*TRY IT*. Below are records; copy exactly the line containing "this 1600×1200 image." and every line after it, through the last.

*STORED DATA*.
[Start of Attachment]

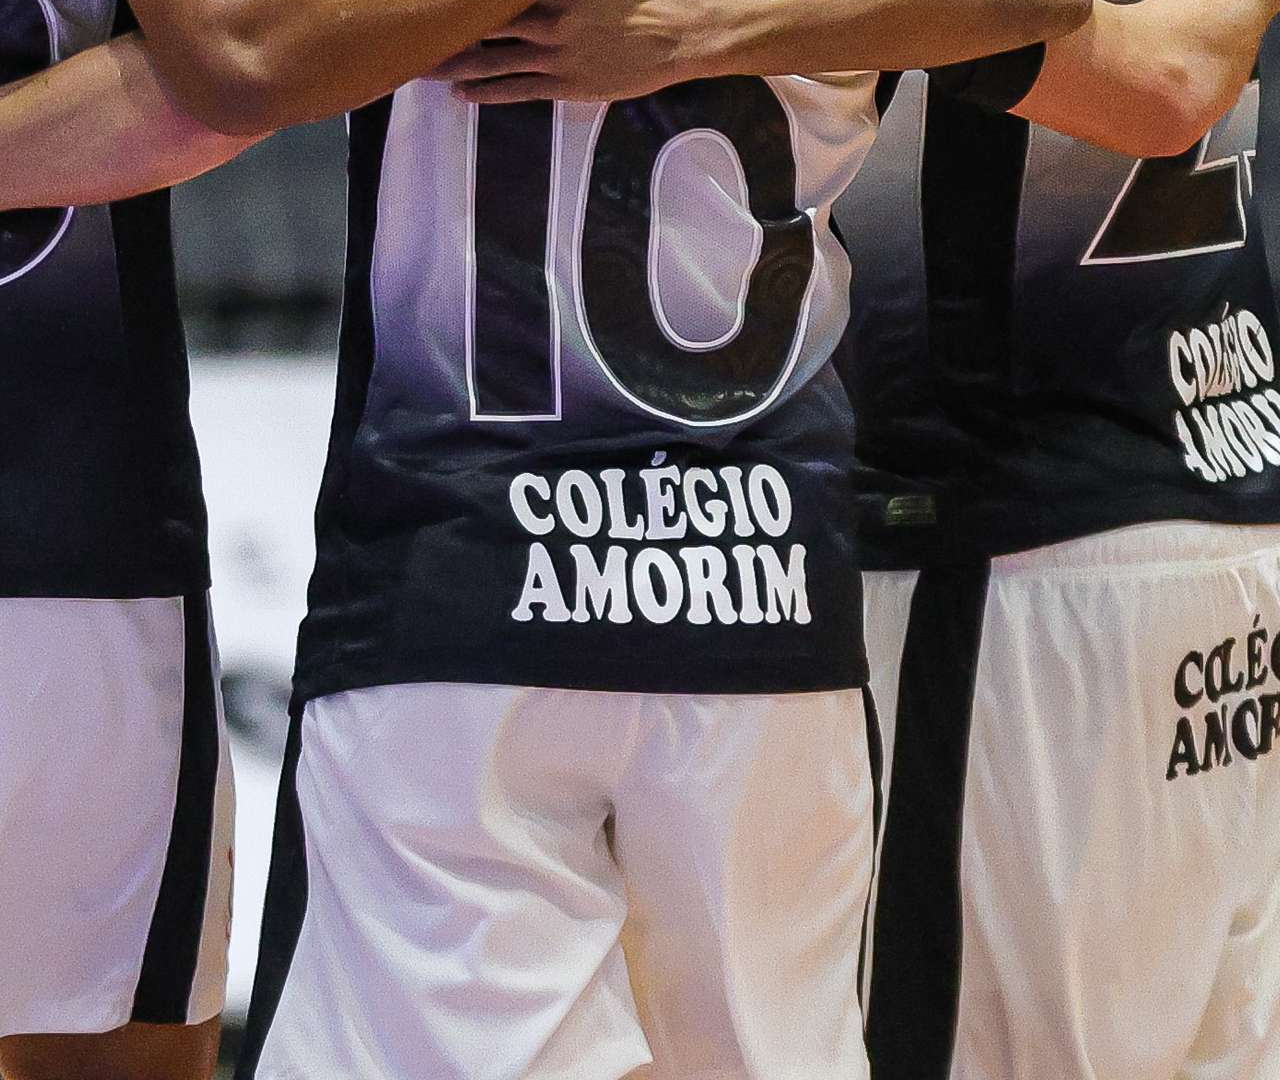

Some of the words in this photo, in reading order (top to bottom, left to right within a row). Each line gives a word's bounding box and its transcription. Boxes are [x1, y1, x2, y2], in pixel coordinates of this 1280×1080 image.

[465, 75, 817, 427] 10
[510, 450, 792, 541] COLÉGIO
[511, 542, 812, 624] AMORIM
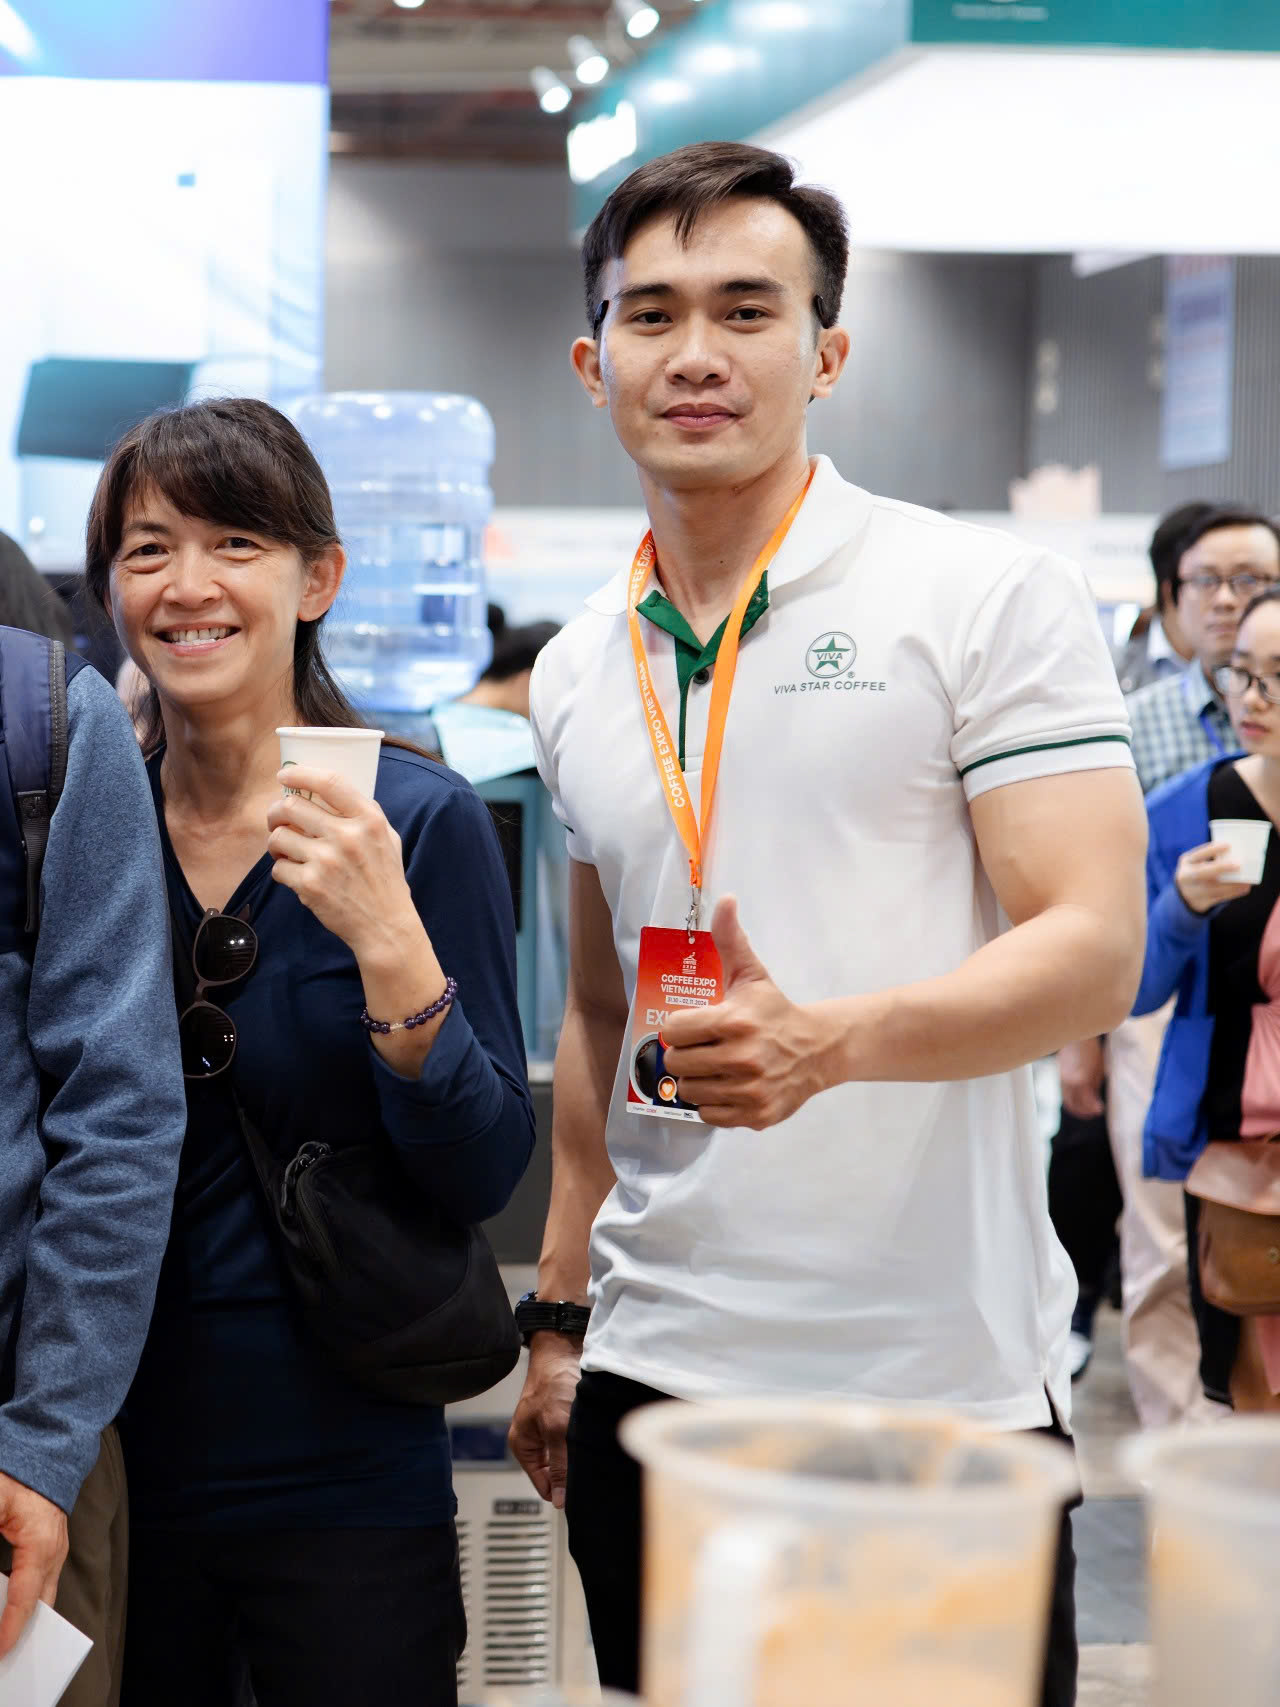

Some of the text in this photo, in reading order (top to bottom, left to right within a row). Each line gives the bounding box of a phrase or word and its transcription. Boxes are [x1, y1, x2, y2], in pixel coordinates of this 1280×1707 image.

[816, 652, 843, 661] VIVA
[774, 681, 887, 695] VIVA STAR COFFEE
[638, 661, 685, 808] COFFEE EXPO VIETNAM
[661, 973, 717, 988] COFFEE EXPO
[660, 983, 716, 997] VIETNAM 2024
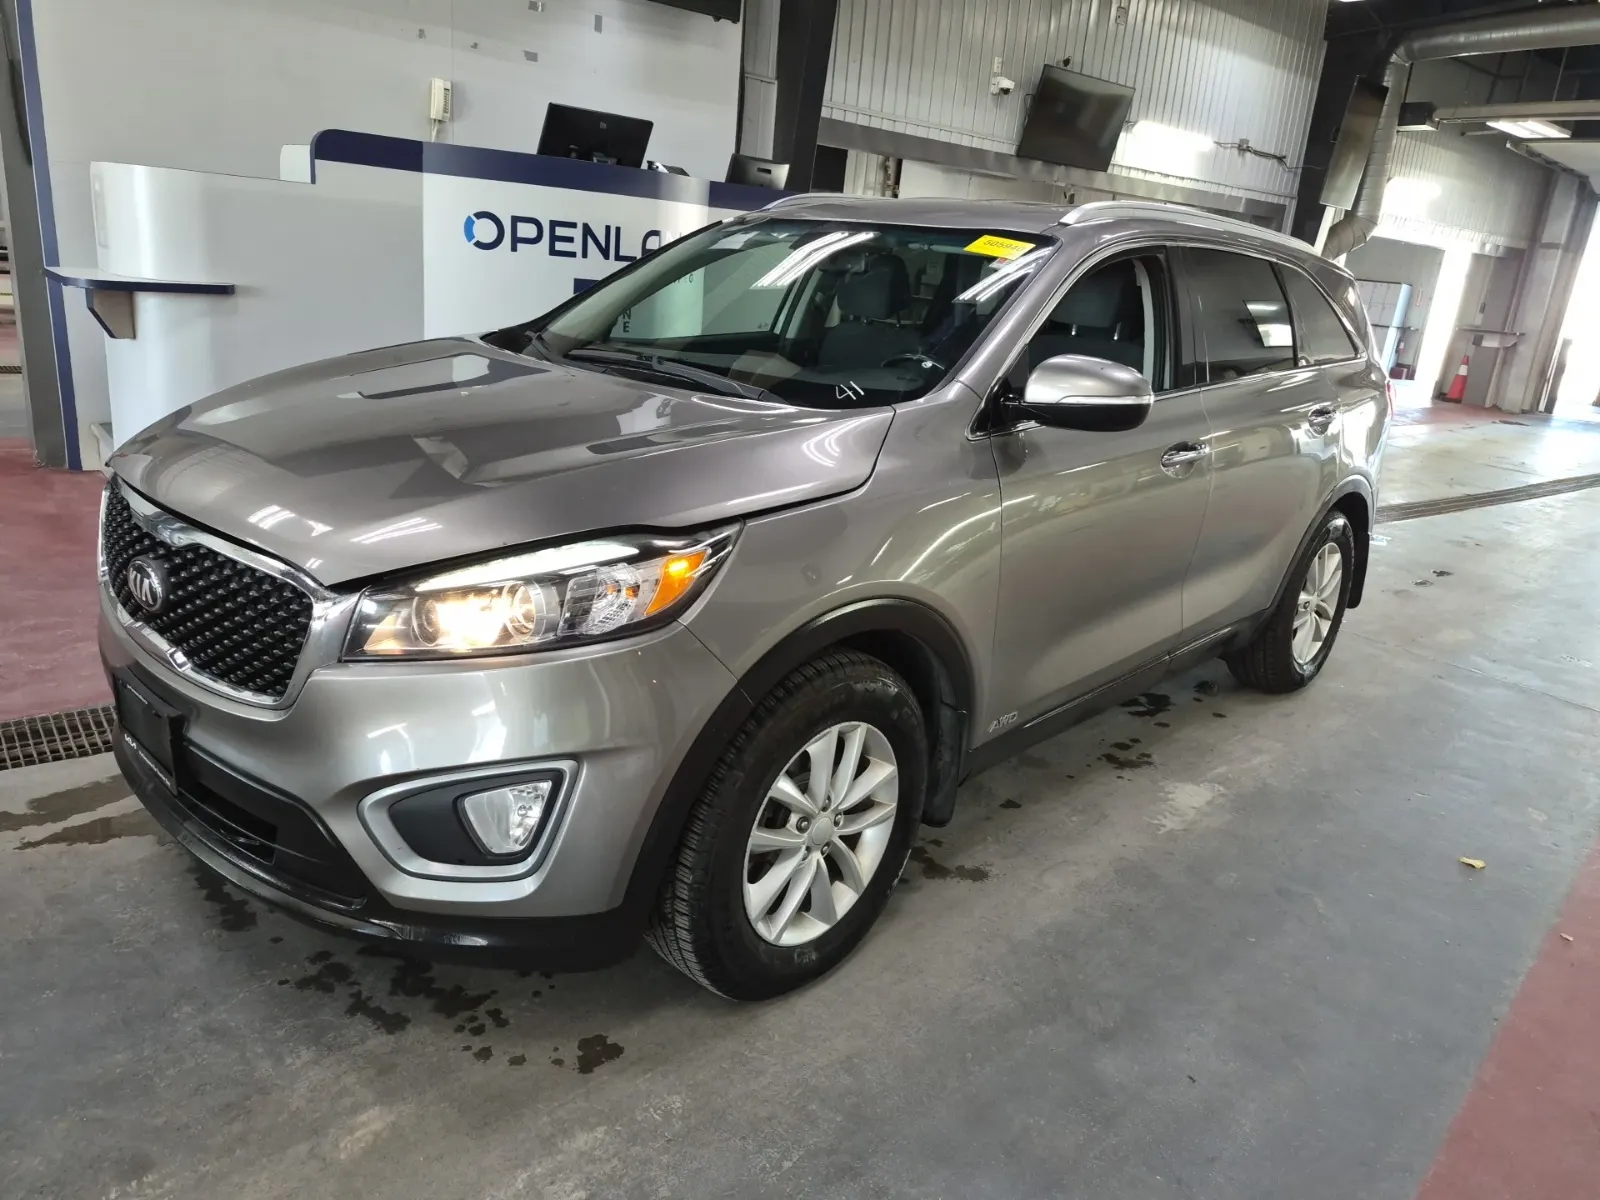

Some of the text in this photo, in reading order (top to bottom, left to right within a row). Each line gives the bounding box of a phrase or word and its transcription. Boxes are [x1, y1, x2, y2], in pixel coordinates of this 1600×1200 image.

[463, 210, 684, 263] OPENLA
[835, 380, 865, 400] 41
[130, 567, 154, 605] KIA
[988, 711, 1018, 733] AWD

[End of Attachment]

*RESULT FOR THIS TASK*.
Some of the text in this photo, in reading order (top to bottom, left to right within a row). Each line gives the bounding box of a phrase or word and its transcription. Boxes are [x1, y1, x2, y2], in pixel coordinates of this 1600×1200 image.

[463, 210, 684, 263] OPENLA
[835, 380, 865, 400] 41
[130, 567, 154, 605] KIA
[988, 711, 1018, 733] AWD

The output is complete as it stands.